The adviser to the U.N. secretary general on Cyprus, Espen Barth Eide, described Thursday’s international conference on the island as a turning point for negotiations. For the first time over decades of off-again, on-again negotiations, he noted the Greek and Turkish Cypriot sides presented maps of their preferred internal administrative borders of a newly-formed federated union of Cyprus.
“It was seen by both sides as a sign that this thing is moving towards the endgame…. And I think there is a momentum now and I think that larger political developments remind us that it is probably, or quite securely, very important that we use these coming days as effectively as we can and in as constructive a spirit as possible,” Eide said.
A working group of senior technical experts will meet January 18 in Geneva to hold discussions on critical security issues. At the same time, leaders of the Greek and Turkish Cypriot communities will continue negotiations in Cyprus to overcome remaining stumbling blocks on matters including property rights, territorial disputes and governance.

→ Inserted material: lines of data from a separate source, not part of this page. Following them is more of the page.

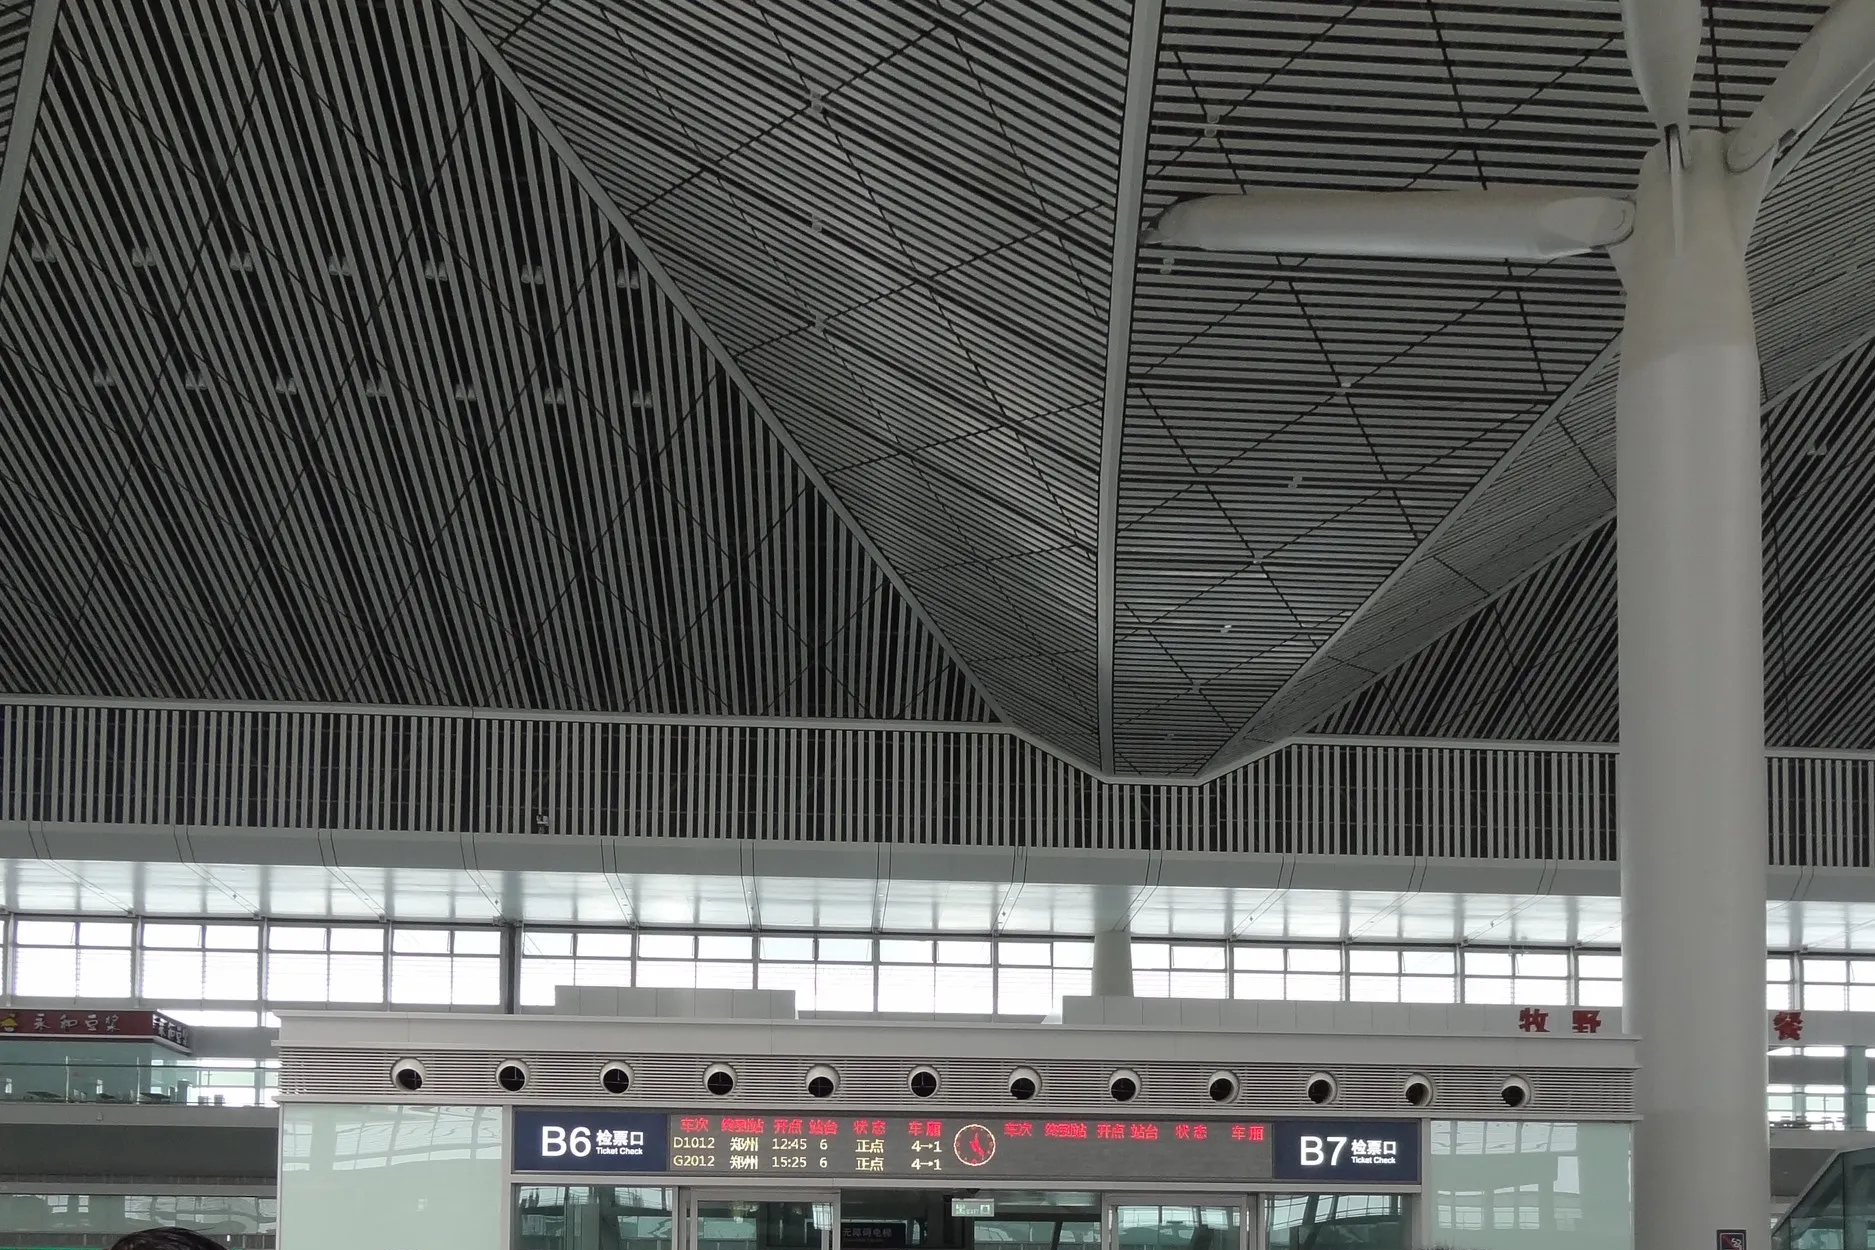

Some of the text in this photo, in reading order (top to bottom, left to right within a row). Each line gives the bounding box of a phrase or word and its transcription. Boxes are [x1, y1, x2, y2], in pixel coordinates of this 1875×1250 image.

[680, 1117, 709, 1132] 车次
[773, 1119, 803, 1134] 开点
[809, 1119, 838, 1135] 站台
[853, 1120, 886, 1135] 状态
[908, 1121, 943, 1136] 车厢
[1004, 1122, 1033, 1137] 车次
[1097, 1123, 1126, 1139] 开点
[1130, 1124, 1160, 1140] 站台
[1175, 1124, 1208, 1140] 状态
[1231, 1125, 1265, 1141] 车厢
[541, 1125, 592, 1157] B6
[595, 1129, 644, 1146] 检票口
[673, 1137, 715, 1149] D1012
[730, 1137, 759, 1151] 郑州
[771, 1138, 808, 1150] 12:45
[819, 1138, 828, 1150] 6
[855, 1139, 885, 1153] 正点
[595, 1147, 643, 1155] Ticket Check
[1300, 1135, 1348, 1166] B7
[1350, 1138, 1397, 1155] 检票口
[673, 1155, 715, 1167] G2012
[730, 1155, 759, 1169] 郑州
[771, 1156, 808, 1168] 15:25
[819, 1156, 828, 1168] 6
[855, 1157, 885, 1171] 正点
[1350, 1156, 1396, 1164] Ticket Check

Hopes 'a united federal Cyprus can emerge'
The possibility of a reunification pact could hinge on a resolution of security guarantees for a unified Cyprus. Turkey currently has 30,000 troops stationed in the northern Turkish part of Cyprus. In recent statements, Turkish President Recep Tayyip Erdogan has rejected a full withdrawal of Turkish troops from Cyprus unless Greece also agrees to withdraw its troops.

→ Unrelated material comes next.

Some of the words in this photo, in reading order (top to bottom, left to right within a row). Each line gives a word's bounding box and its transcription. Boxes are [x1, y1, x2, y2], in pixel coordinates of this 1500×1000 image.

Eide said he understands the security concerns, but expressed hope that this long-standing dispute finally can be laid to rest.
“And a united federal Cyprus can emerge and also be embraced in a security arrangement that is mutually acceptable for all sides, hence the involvement of the guarantor powers,” Eide said.
Foreign ministers of Turkey, Greece and Britain, the three so-called guarantor powers, attended the international conference. Eide said it is likely that heads of those governments will attend a future international conference if negotiations are successful in removing remaining obstacles to a reunification deal.
Cyprus has been split between a Greek Cypriot south and a Turkish Cypriot north since 1974, when Turkish forces invaded the island after a military coup aimed at reunifying Cyprus with Greece. Only Turkey recognizes the separate Turkish Cypriot government.